Scientists Praise U.K. AIDS Efforts

LONDON—A new, open-ended program to fund AIDS research has drawn praise from British scientists who see the directed initiative as a refreshing change from the parsimonious attitude taken by the government toward most basic research efforts. Six months ago the government announced a special allocation of $23 million over three years for AIDS research. The program, overseen by the Medical Research Council, has already involved 24 laboratories at universities, hospitals and biotechnology

Jon Turney
Oct 4, 1987

LONDON—A new, open-ended program to fund AIDS research has drawn praise from British scientists who see the directed initiative as a refreshing change from the parsimonious attitude taken by the government toward most basic research efforts.
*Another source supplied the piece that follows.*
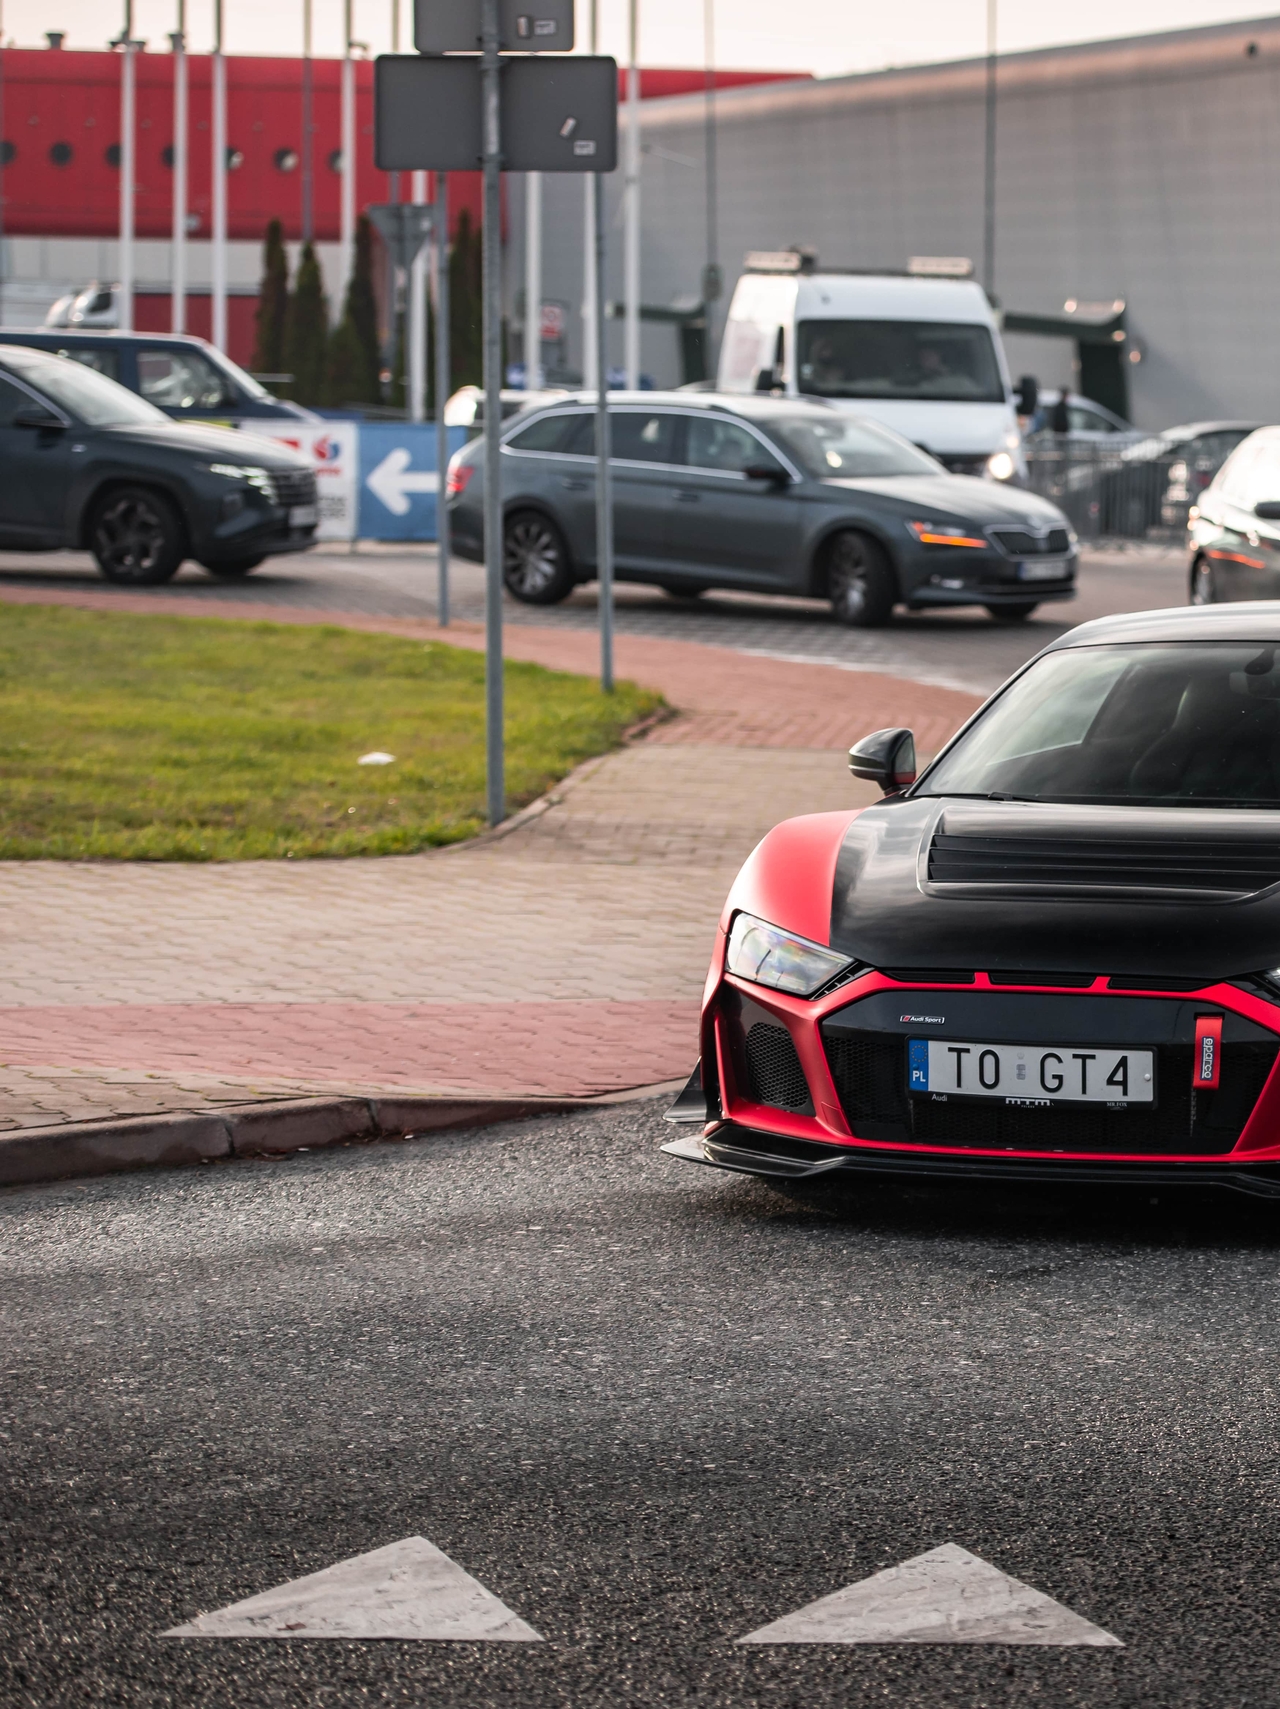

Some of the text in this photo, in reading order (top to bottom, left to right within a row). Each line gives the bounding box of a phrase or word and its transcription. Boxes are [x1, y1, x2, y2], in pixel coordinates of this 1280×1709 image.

[912, 1070, 926, 1082] PL
[1040, 1052, 1128, 1096] GT4
[931, 1093, 948, 1102] Audi
Six months ago the government announced a special allocation of $23 million over three years for AIDS research. The program, overseen by the Medical Research Council, has already involved 24 laboratories at universities, hospitals and biotechnology and drug companies throughout the United Kingdom. It departed from the customary MRC approach of responding to grant applications by inviting teams of researchers to take on particular projects.

Sir James Gowans, who retired last month as head of the MRC and who personally directed the AIDS initiative, has stressed that knowledge of the AIDS virus is due to 40 years of fundamental work in the field to which Britain has contributed greatly. That fact, he said, answers...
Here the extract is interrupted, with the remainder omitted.